Your cycling fallacy is…

“People frequently break the rules of the road when cycling (ignoring red lights, etc.)”

The response

Regardless of the mode of travel used, some people will break traffic rules. People are no more likely to break traffic laws when they are cycling than when they are driving or walking.

But there is also some evidence to suggest that where the road design is poor – usually because the environment has been designed only with motor vehicles in mind – intentionally and carefully violating a traffic rule may be safer. For example, the most visible form of red light jumping by people cycling is when someone sets off before the traffic signals turn green, in order to safely pass through the junction before motor traffic begins moving. Therefore some rule-breaking behaviour could be a reaction to a dangerously-designed environment, although of course this doesn't absolve someone who cycles in a manner hazardous to others.

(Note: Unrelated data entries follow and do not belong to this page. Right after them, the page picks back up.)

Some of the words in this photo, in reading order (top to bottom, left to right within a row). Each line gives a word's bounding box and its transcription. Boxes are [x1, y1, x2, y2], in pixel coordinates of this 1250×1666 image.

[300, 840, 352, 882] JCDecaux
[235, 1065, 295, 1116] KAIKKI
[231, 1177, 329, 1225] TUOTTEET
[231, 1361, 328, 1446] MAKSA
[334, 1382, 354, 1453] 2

Good public infrastructure, designed with cycling in mind as a valid mode of transport, makes rule-breaking less attractive and/or necessary. The bad behaviour of some should not be used as an argument against improving conditions for all (a point that doesn't even need making for other modes of transport).

 

Your cycling fallacy is…

“People cycle on footways, causing danger to those walking”

The response

Although cycling on footways can be prevalent in some areas, it is almost always a symptom of poor conditions for cycling.

The best and most permanent way to tackle this problem is to create attractive places for cycling away from the footway, either in the form of cycleways separated from motor traffic, or by making the road itself a pleasant place to cycle by reducing the speed and volume of motor traffic to a low level.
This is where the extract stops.